» WHAT THE EXERCISE ASKS
Retype the records below exactly as they stand, but with no images.
━━━ SUPPLIED INFORMATION
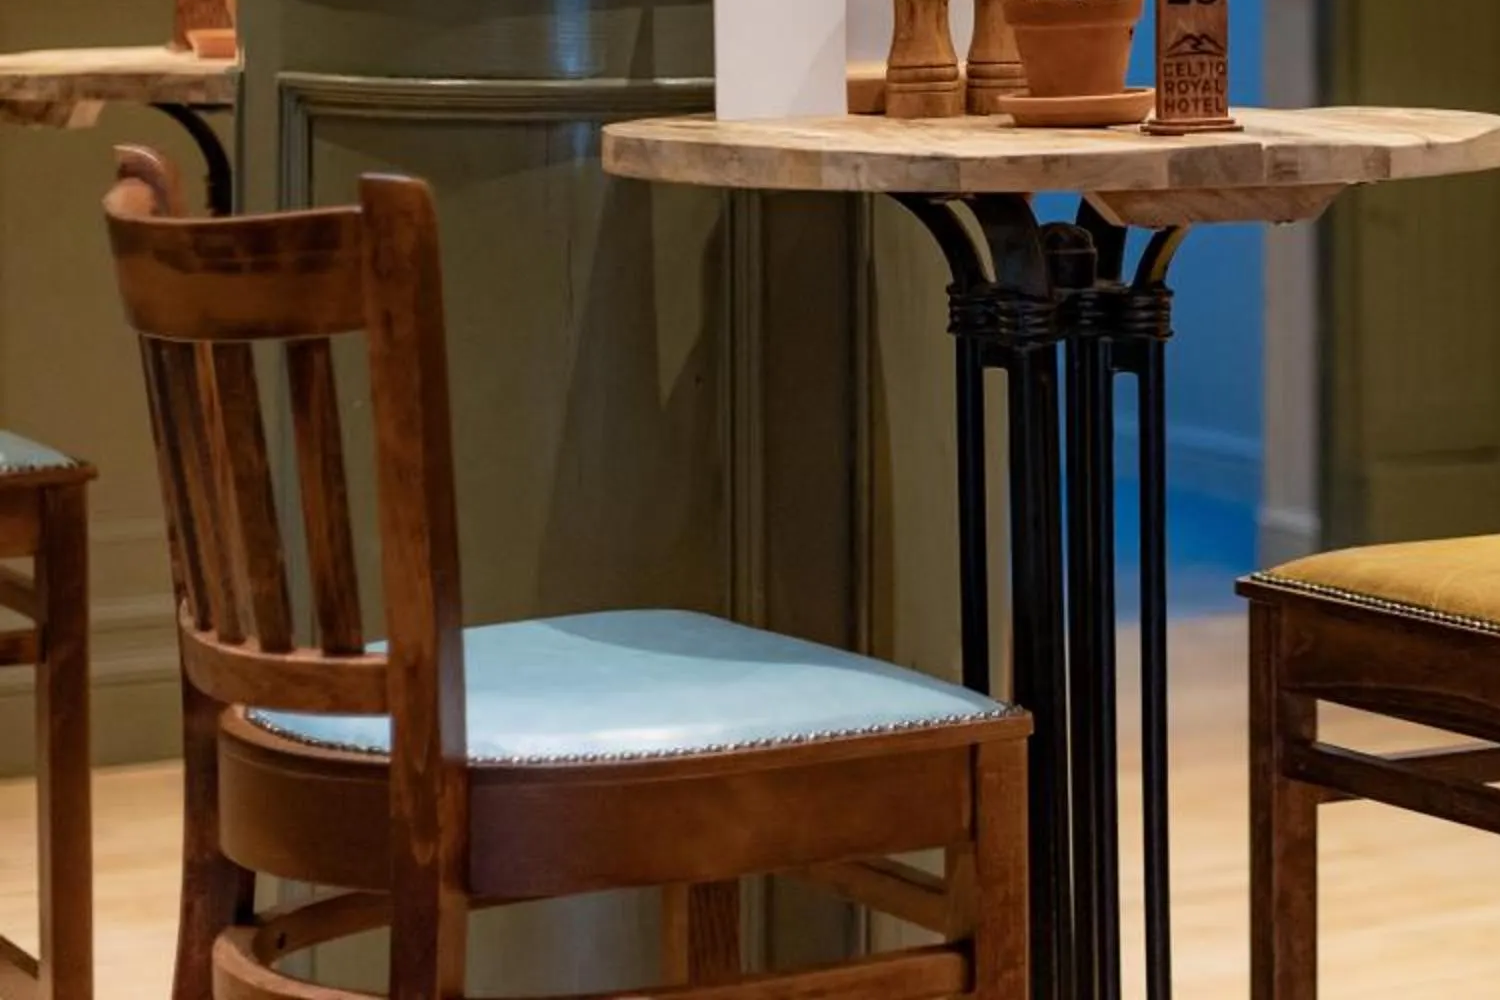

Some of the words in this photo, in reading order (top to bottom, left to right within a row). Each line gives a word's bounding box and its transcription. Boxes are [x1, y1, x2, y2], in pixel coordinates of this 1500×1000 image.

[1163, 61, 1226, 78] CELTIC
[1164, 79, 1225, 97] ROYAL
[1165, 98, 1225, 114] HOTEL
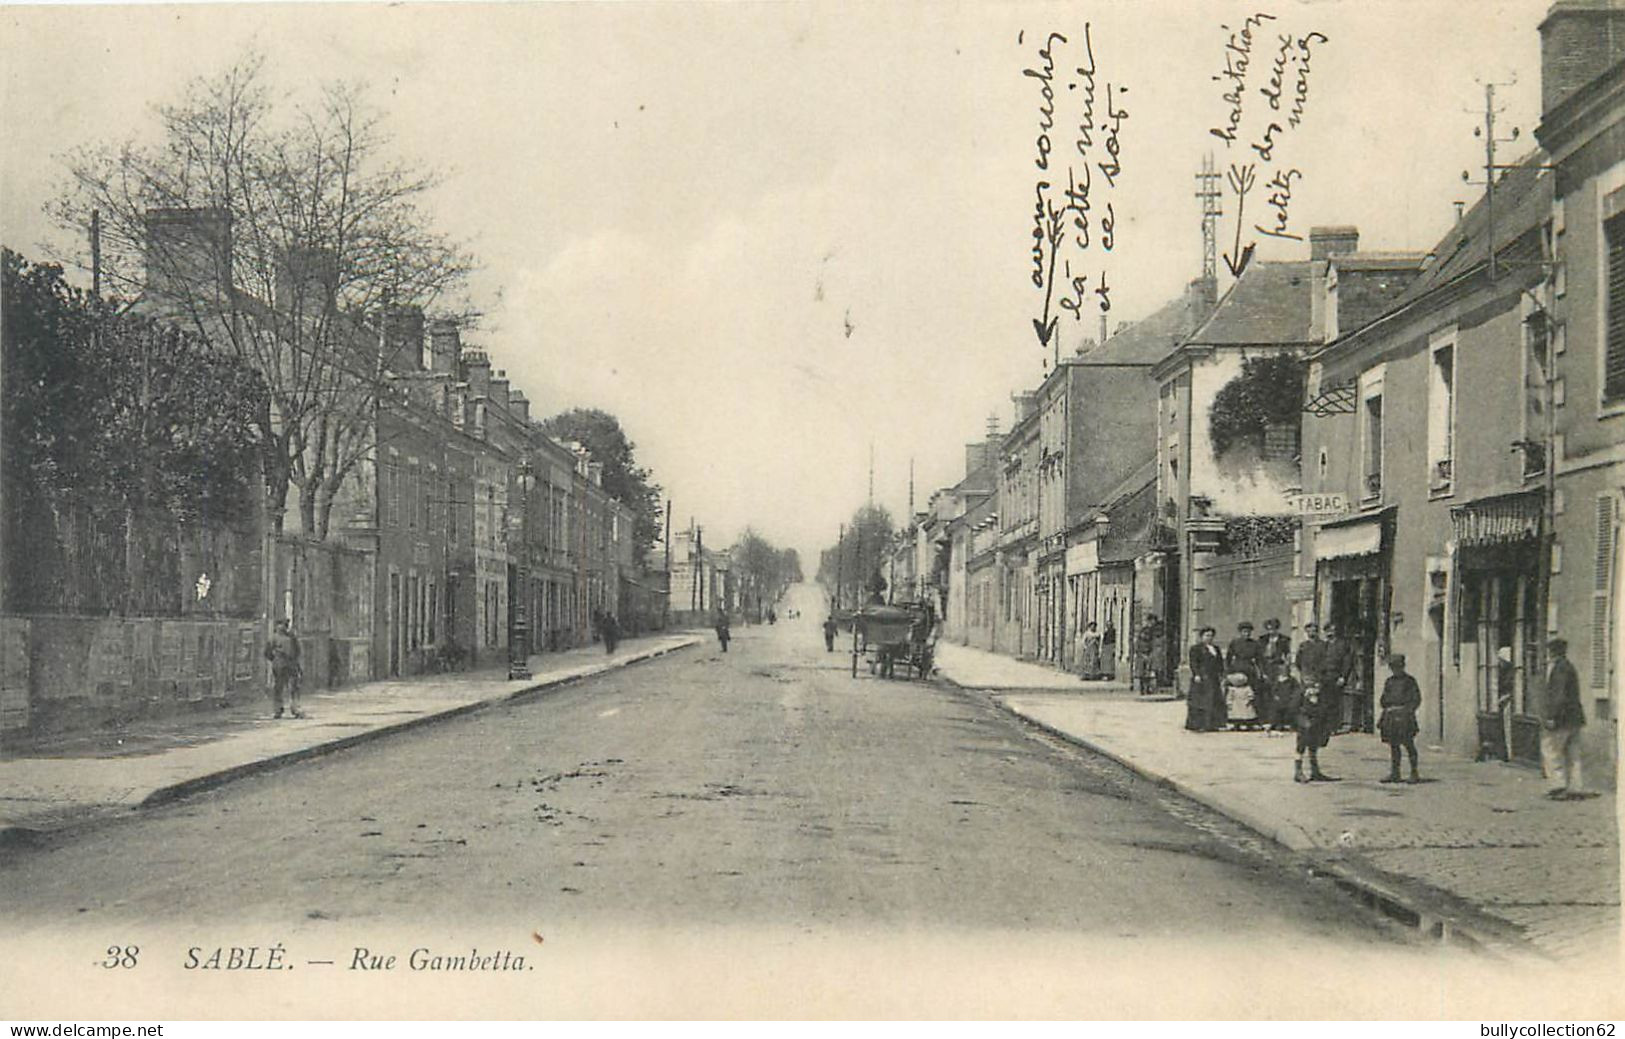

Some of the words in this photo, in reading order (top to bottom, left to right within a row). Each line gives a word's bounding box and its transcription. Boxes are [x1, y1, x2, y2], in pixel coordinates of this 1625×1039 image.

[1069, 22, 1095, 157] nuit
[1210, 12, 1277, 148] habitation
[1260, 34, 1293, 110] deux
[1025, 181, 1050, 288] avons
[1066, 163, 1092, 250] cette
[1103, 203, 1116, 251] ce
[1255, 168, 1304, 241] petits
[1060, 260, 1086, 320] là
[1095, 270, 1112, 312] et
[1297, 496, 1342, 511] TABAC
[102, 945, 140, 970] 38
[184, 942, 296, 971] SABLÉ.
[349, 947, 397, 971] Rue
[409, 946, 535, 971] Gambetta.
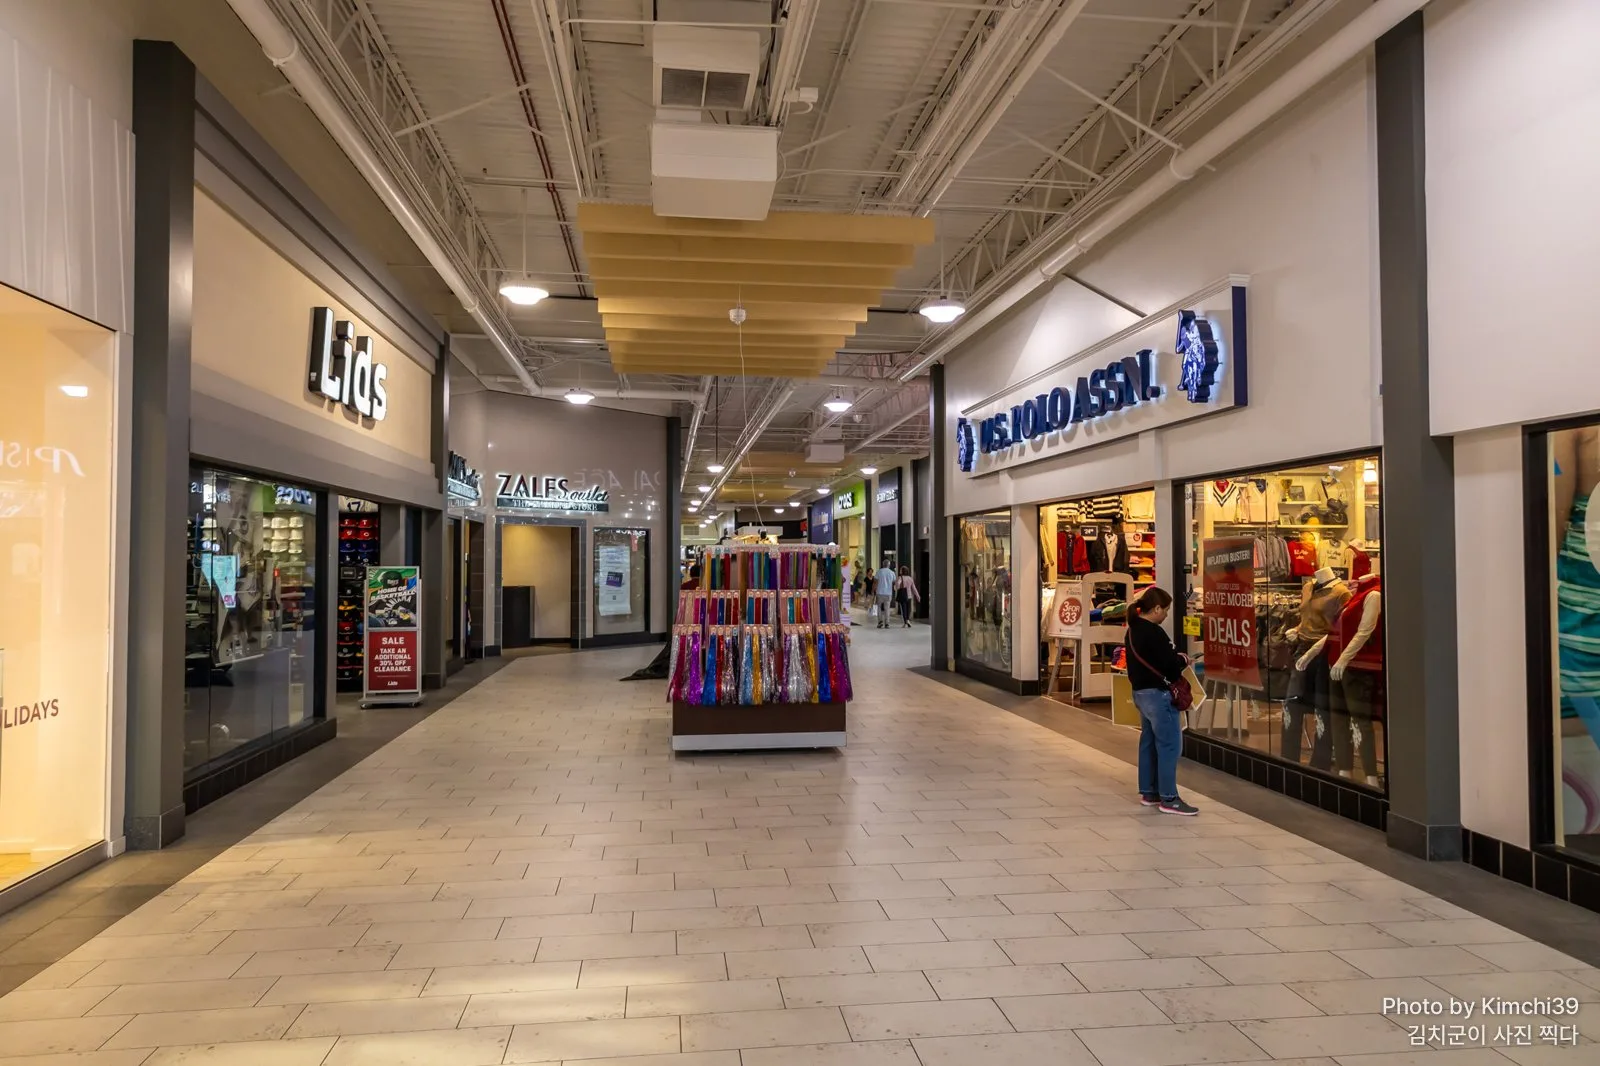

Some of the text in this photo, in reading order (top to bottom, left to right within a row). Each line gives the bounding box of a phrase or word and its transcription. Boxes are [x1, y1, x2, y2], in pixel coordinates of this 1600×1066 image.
━━━━━━
» SOLUTION BELOW
Some of the words in this photo, in reading order (top to bottom, left to right within a row). Each line gives a word's bounding box and its transcription. Boxes are [x1, y1, x2, y2], in pixel coordinates of this 1500×1000 image.

[1163, 61, 1226, 78] CELTIC
[1164, 79, 1225, 97] ROYAL
[1165, 98, 1225, 114] HOTEL

Some of the words in this photo, in reading order (top to bottom, left to right within a row). Each line gives a word's bounding box and its transcription. Boxes are [x1, y1, x2, y2], in pixel coordinates of this 1625×1039 image.

[1069, 22, 1095, 157] nuit
[1210, 12, 1277, 148] habitation
[1260, 34, 1293, 110] deux
[1025, 181, 1050, 288] avons
[1066, 163, 1092, 250] cette
[1103, 203, 1116, 251] ce
[1255, 168, 1304, 241] petits
[1060, 260, 1086, 320] là
[1095, 270, 1112, 312] et
[1297, 496, 1342, 511] TABAC
[102, 945, 140, 970] 38
[184, 942, 296, 971] SABLÉ.
[349, 947, 397, 971] Rue
[409, 946, 535, 971] Gambetta.

Some of the text in this photo, in reading order (top to bottom, left to right within a row). Each line gives the bounding box of a phrase or word and its transcription. Boxes are [x1, y1, x2, y2], in pixel coordinates of this 1600×1066 image.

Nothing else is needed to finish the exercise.